▶ _EXERCISE_: All of the entries below need repeating exactly, apart from their images.

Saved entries
======

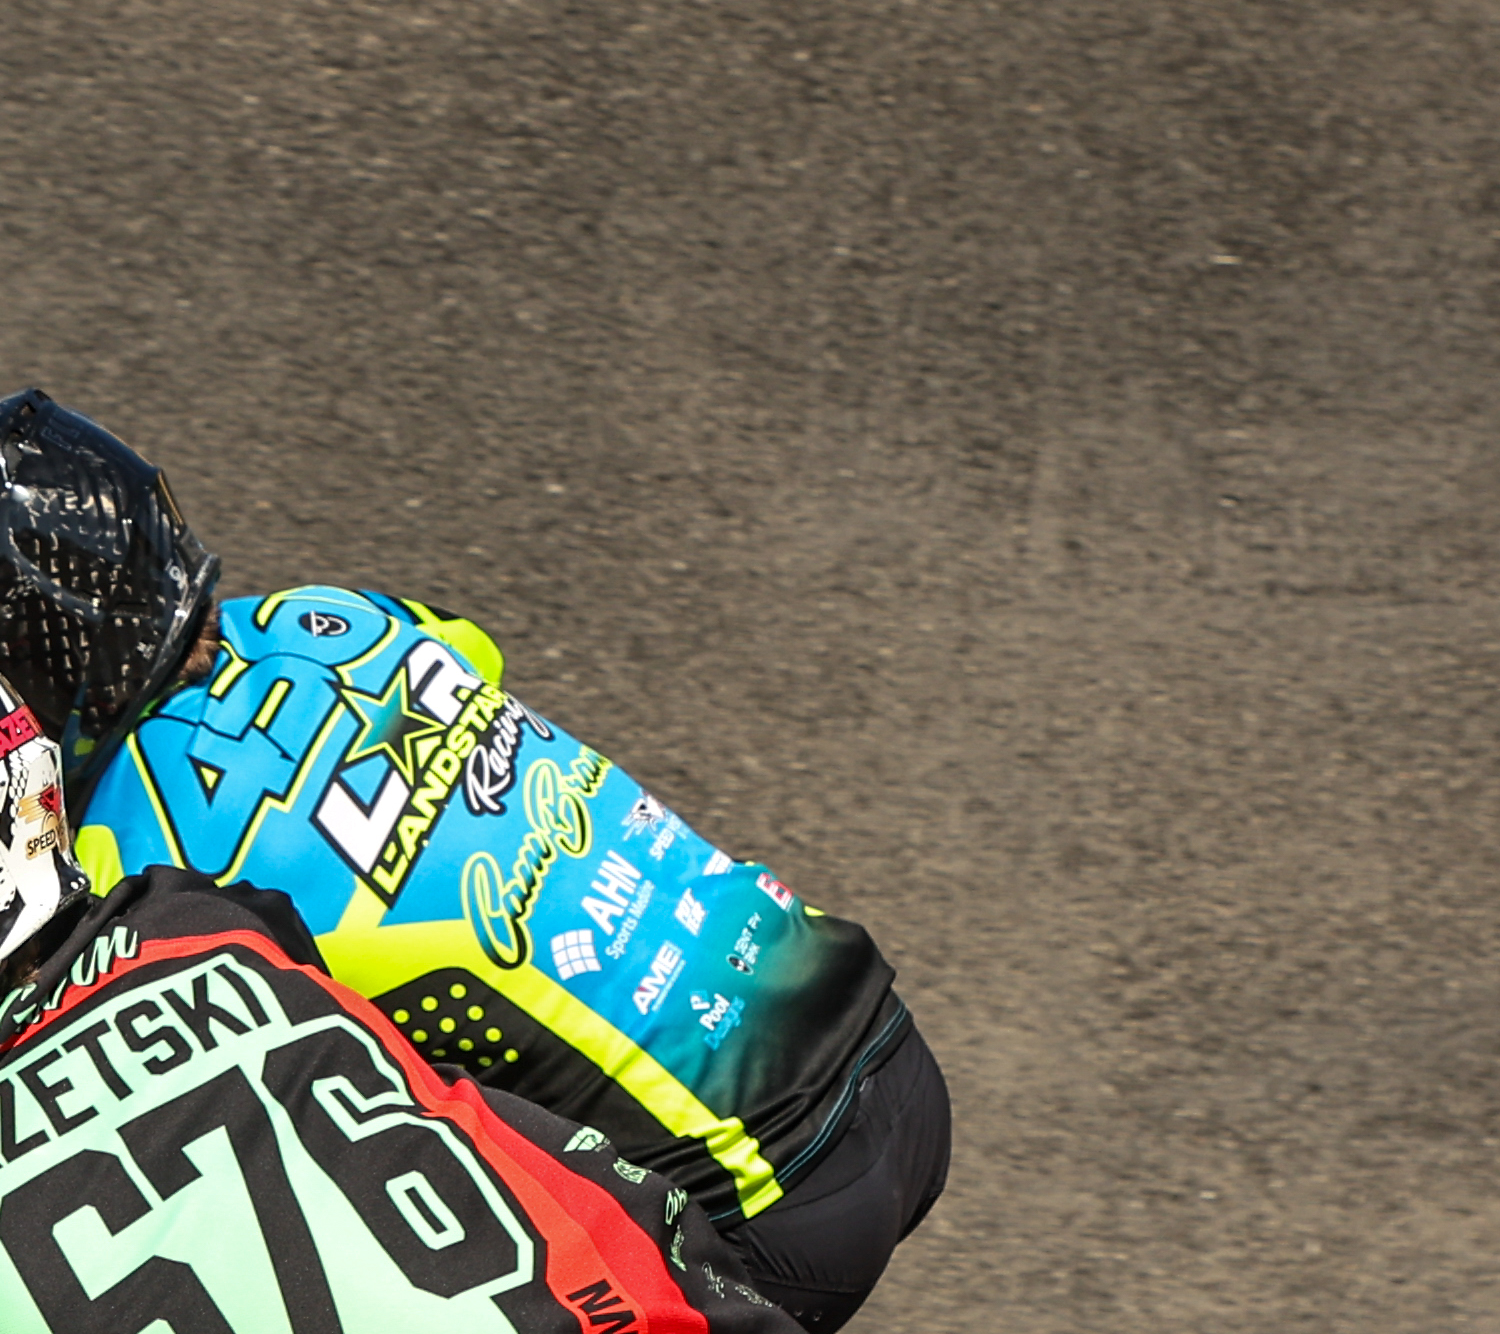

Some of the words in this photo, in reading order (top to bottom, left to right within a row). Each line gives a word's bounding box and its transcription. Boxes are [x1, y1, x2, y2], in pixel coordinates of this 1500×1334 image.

[371, 683, 508, 896] LANDSTAR
[27, 826, 56, 857] SPEED
[581, 848, 643, 937] AHN
[604, 916, 640, 960] Sports
[633, 939, 682, 1016] AME
[698, 993, 731, 1032] Pool

======

▶ _TASK RESPONSE_:
Some of the words in this photo, in reading order (top to bottom, left to right within a row). Each line gives a word's bounding box and its transcription. Boxes are [x1, y1, x2, y2], in pixel coordinates of this 1500×1334 image.

[371, 683, 508, 896] LANDSTAR
[27, 826, 56, 857] SPEED
[581, 848, 643, 937] AHN
[604, 916, 640, 960] Sports
[633, 939, 682, 1016] AME
[698, 993, 731, 1032] Pool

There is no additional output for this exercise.